Was ich Frau Schwarzer dann aber doch gerne kurz persönlich ankreiden möchte, ist ihre plumpe elitär-selbstgerechte Haltung. Es ist ihr nicht zu dumm, sich mit „Ich gehöre nicht zu den tausenden, die Schwarzgeld in der Schweiz haben, das bis heute nicht versteuert ist.“ auf die Seite der Gerechten zu schlagen, um dann aber doch ein paar Sätze später zuzugeben, dass sie ihre Steuern lieber doch nur für den Zeitraum nachgezahlt hat, für den sie das MUSSTE, um strafrechtlicher Verfolgung zu entgehen. Das Vermögen bezüglich dessen die Strafbarkeit der Hinterziehung verjährt ist, erstattet sie nicht zurück. Dann lieber schnell eine Stiftung gründen (das ist aber dann doch zu eigenmächtig, Geld klauen und selber bestimmen, welchem Zweck es zugeführt werden soll, wo kommen wir denn da hin?).

Sie beruft sich dann auch noch auf die Rechtsordnung, welche das ausdrücklich vorsehe (Das ist als Globalargument etwas schwach, denn manchmal ist die Rechtsordnung ja auch etwas unzulänglich und sieht so einigen Quatsch vor, bis 1997 zum Beispiel die Vergewaltigung der Ehefrau). Dem Spiegel wird dann noch in Unkenntnis der Rechtslage illegales Denunziantentum vorgeworfen, während Alice genau das ist, was die Leute vom Spiegel nicht sind: Jemand, der einen Straftatbestand verwirklicht hat. Die Verjährung bedeutet lediglich ein Strafverfolgungshindernis, nicht aber, dass die Tat als nicht begangen gilt. (Ebenso bei einer Körperverletzung oder einem Diebstahl, die verjähren auch nach vier bzw. fünf Jahren, begangen wurden sie trotzdem).

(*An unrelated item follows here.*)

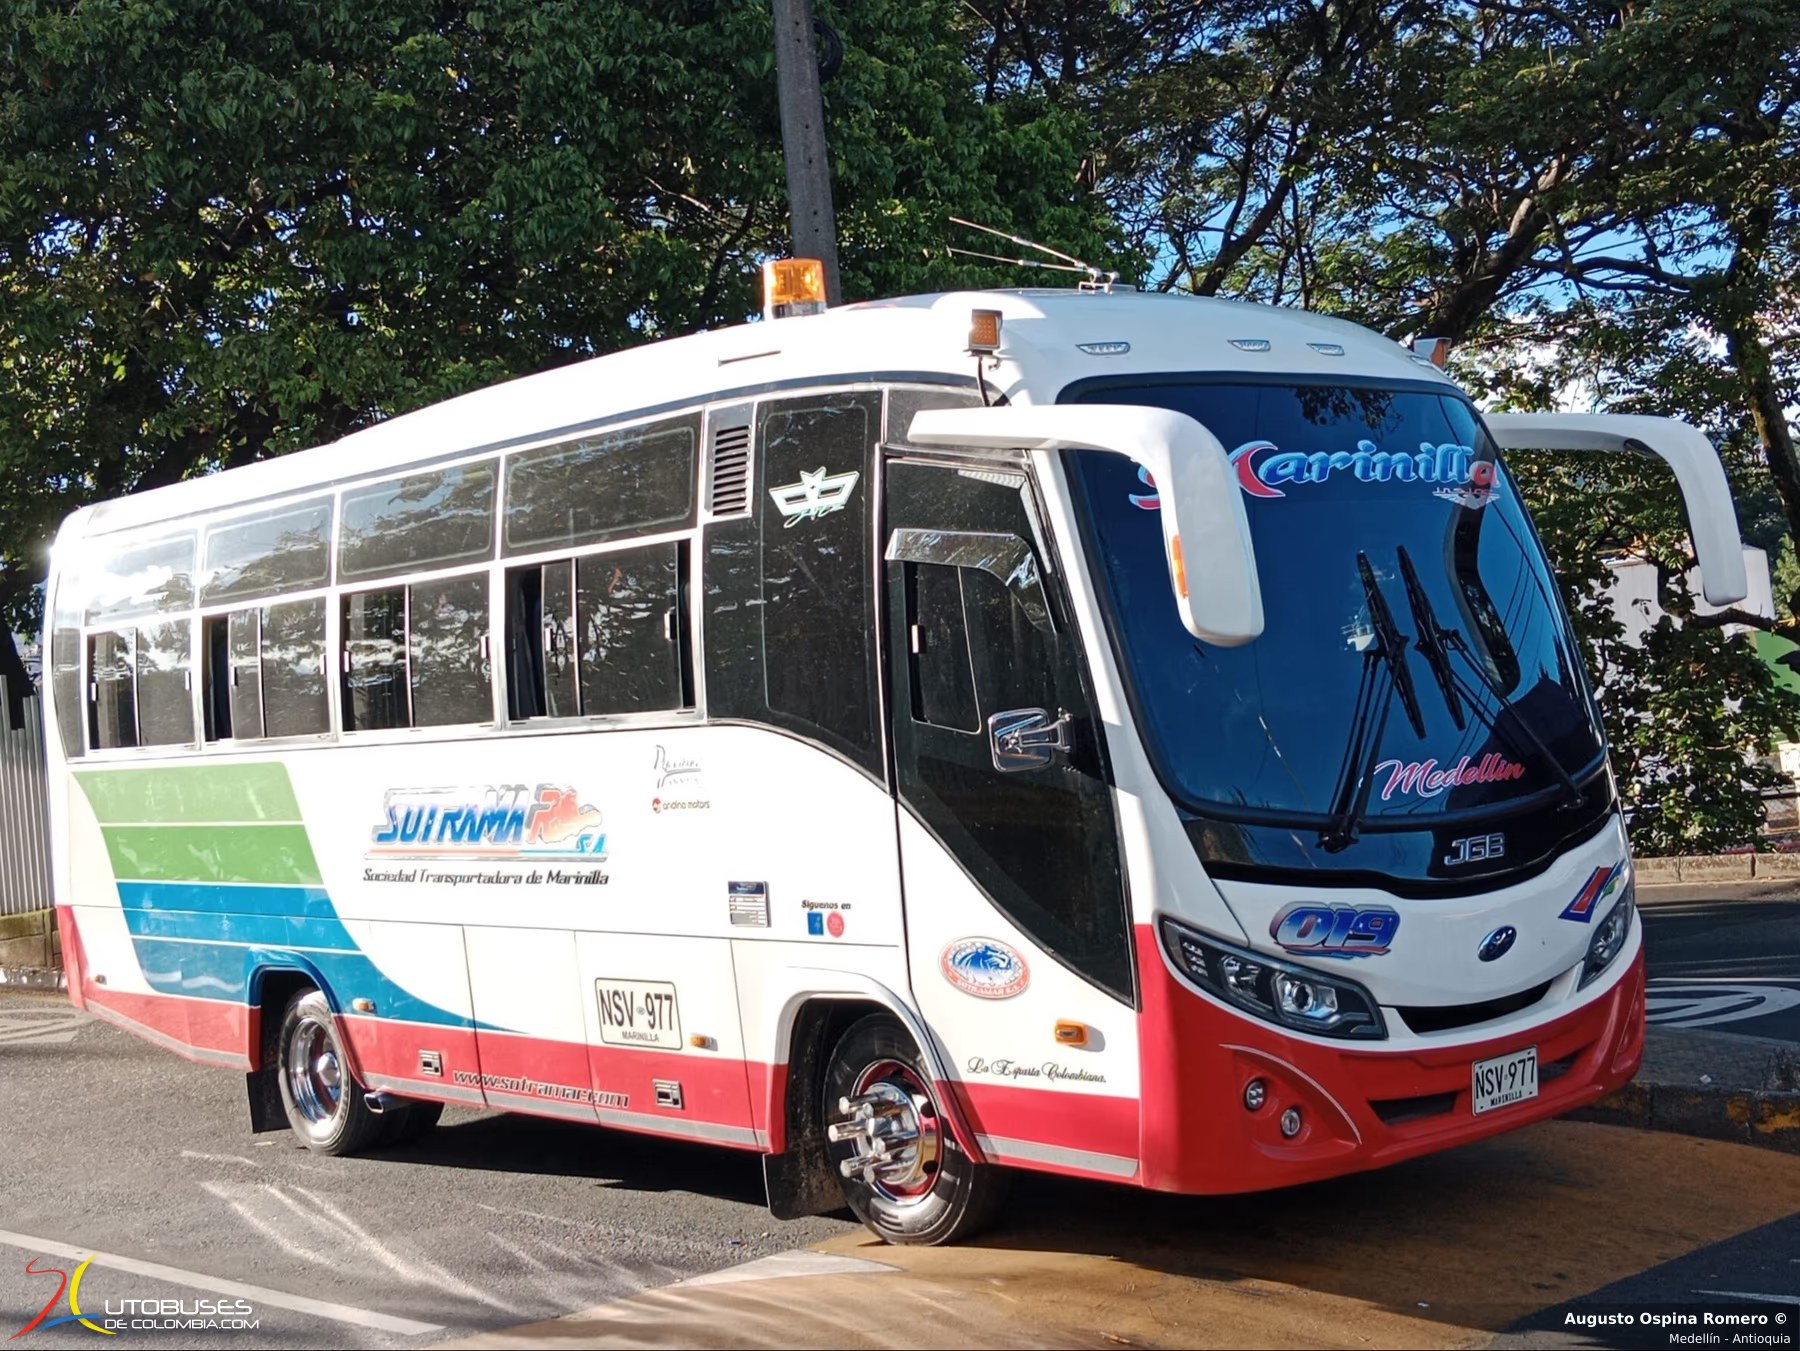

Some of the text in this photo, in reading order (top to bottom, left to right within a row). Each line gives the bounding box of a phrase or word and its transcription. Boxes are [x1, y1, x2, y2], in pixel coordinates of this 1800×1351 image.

Jetzt aber genug geschimpft. Um es noch mal klar zu stellen: Menschen wie Uli Hoeneß und Alice Schwarzer haben sich um den deutschen Fußball respektive die deutschen Frauen sehr verdient gemacht. Ich gönne ihnen als Belohnung gerne ein wenig oder auch ein wenig viel illegal erwirtschaftetes Geld. Aber irgendwann sollte Schluss sein. Von den ganzen Steuern, die Uli und Alice hinterzogen haben, würde Vater Staat bestimmt ein paar schöne Frauenhäuser errichtet haben können. Naja, das hätte er vermutlich eh nicht gemacht, sondern lieber eine halbe flugunfähige Drohne gekauft. So gesehen, ein bisschen verstehe ich die beiden ja auch.